Dérogation dite "espèce protégée" : le Conseil d'État réitère la prise en compte des mesures de réduction dans l'appréciation du "risque suffisamment caractérisé"

Il est ADMYS que l’appréciation du risque « suffisamment caractérisé », rendant obligatoire le dépôt d’une demande de dérogation espèces protégées, doit prendre en compte les mesures de réduction prévues par le projet (CE, 8 mars 2024, n°463249).

 

Pour mémoire, le Conseil d’État a rendu le 9 décembre 2022 un avis sur le régime des dérogations à l’interdiction de destruction d’espèces protégées.

 

Dans cette affaire, le Conseil d’État était interrogé par la Cour administrative d’appel de Douai sur les circonstances dans lesquelles un pétitionnaire était dans l’obligation de solliciter une dérogation « espèce protégée » prévue à l’article L. 411-2 du code de l’environnement.

 

Selon le Rapporteur Public chargé de l’affaire, le pétitionnaire n’aurait pu être tenue de solliciter cette demande que dans la mesure où le risque était ramené à un « niveau négligeable », de sorte qu’il puisse être regardé comme « accidentel » (Conclusions de Monsieur Nicolas AGNOUX, Rapporteur public sur l’affaire n°463563).

 

Le Conseil d’État s’est cependant positionné dans une lecture plus souple de cette obligation, et a déclaré que la dérogation devait être sollicitée lorsque l’atteinte aux espèces protégées était « suffisamment caractérisée » au regard des mesures « d’évitement » et de « réduction » (CE, Avis contentieux, n°463563, Association sud-Artois pour la protection de l’environnement, 9 décembre 2022) :

 

« Le pétitionnaire doit obtenir une dérogation « espèces protégées » si le risque que le projet comporte pour les espèces protégées est suffisamment caractérisé.
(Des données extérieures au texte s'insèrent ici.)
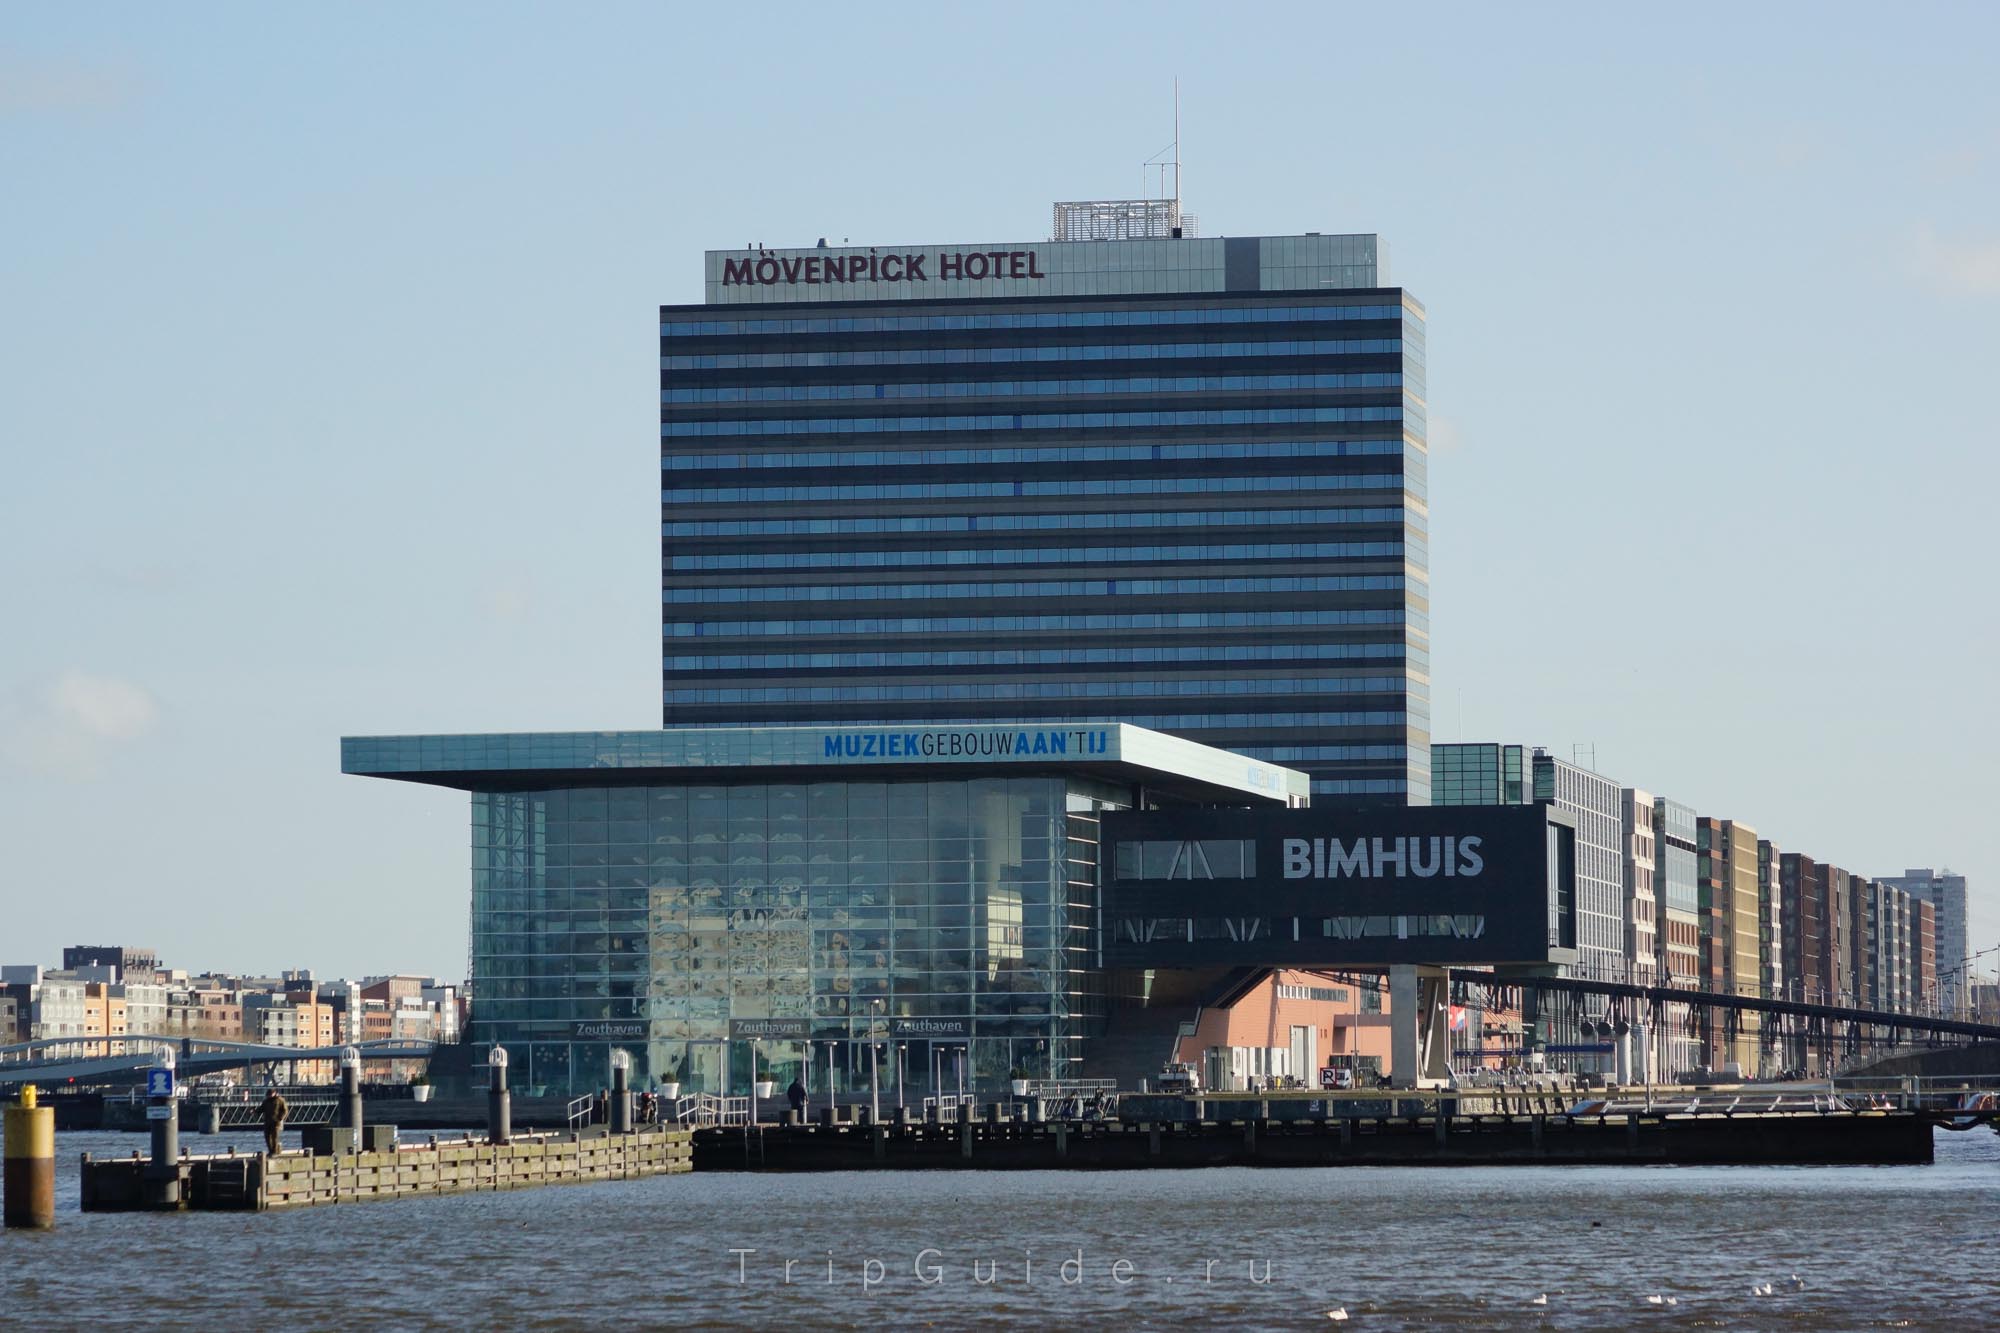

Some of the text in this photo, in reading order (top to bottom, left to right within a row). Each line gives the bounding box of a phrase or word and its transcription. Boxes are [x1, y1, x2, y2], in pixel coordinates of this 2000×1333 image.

A ce titre, les mesures d’évitement et de réduction des atteintes portées aux espèces protégées proposées par le pétitionnaire doivent être prises en compte.

 

Dans l’hypothèse où les mesures d’évitement et de réduction proposées présentent, sous le contrôle de l’administration, des garanties d’effectivité telles qu’elles permettent de diminuer le risque pour les espèces au point qu’il apparaisse comme n’étant pas suffisamment caractérisé, il n’est pas nécessaire de solliciter une dérogation « espèces protégées ».

 

Depuis cet avis, les juges administratifs ont tenté de définir, dans les affaires pour lesquels ils sont saisis, les contours de ce « risque suffisamment caractérisé ».

 

Le Conseil d’État a estimé, par un arrêt du 17 février 2023 rendu le cadre d’un contentieux relatif à un parc éolien, que l’identification d’un risque « faible à modéré » de modification des trajectoires de migration, et « non significatif » de collision, n’était pas un risque « suffisamment caractérisé » rendant nécessaire la demande de dérogation susvisée (CE, 6ème chambre, 17/02/2023, n°460798).

 

De même, dans un arrêt rendu le 16 décembre 2023, le Conseil d’État a rappelé une fois encore que le critère de « risque suffisamment caractérisé » ne signifie pas la démonstration d’un risque « négligeable » (Conseil d’État, 6ème chambre, 06/12/2023, n°466696).

 

Le Conseil d’État est récemment venu rappeler que le juge administratif devait obligatoirement prendre en compte les mesures de réduction proposées par la société pétitionnaires pour ramener de « moyen » à « faible » l’impact résiduel du projet sur les espèces protégées  (Conseil d’État, 6ème chambre, 14/02/2024, n°471197).

 

Il a été contraint de rappeler ce principe une nouvelle fois dans un arrêt récent du 8 mars 2024 (CE, 8 mars 2024, n°463249). Dans cette affaire, le juge n’avait pas pris en compte le bridage des éoliennes, qui constitue une mesure de réduction, dans l’appréciation du risque aux espèces.

 

Le Conseil d’État continue de veiller à l’application concrète des conditions posées dans son avis de 2022.

 

Les pétitionnaires doivent prendre en considération, lors de l’élaboration de leur projet, que l’appréciation de l’existence d’un risque d’atteinte par le juge, ne prend pas en compte les éventuelles mesures de compensation développées dans le projet.

 

Seules les mesures de réduction et d’évitement seront analysées par le juge.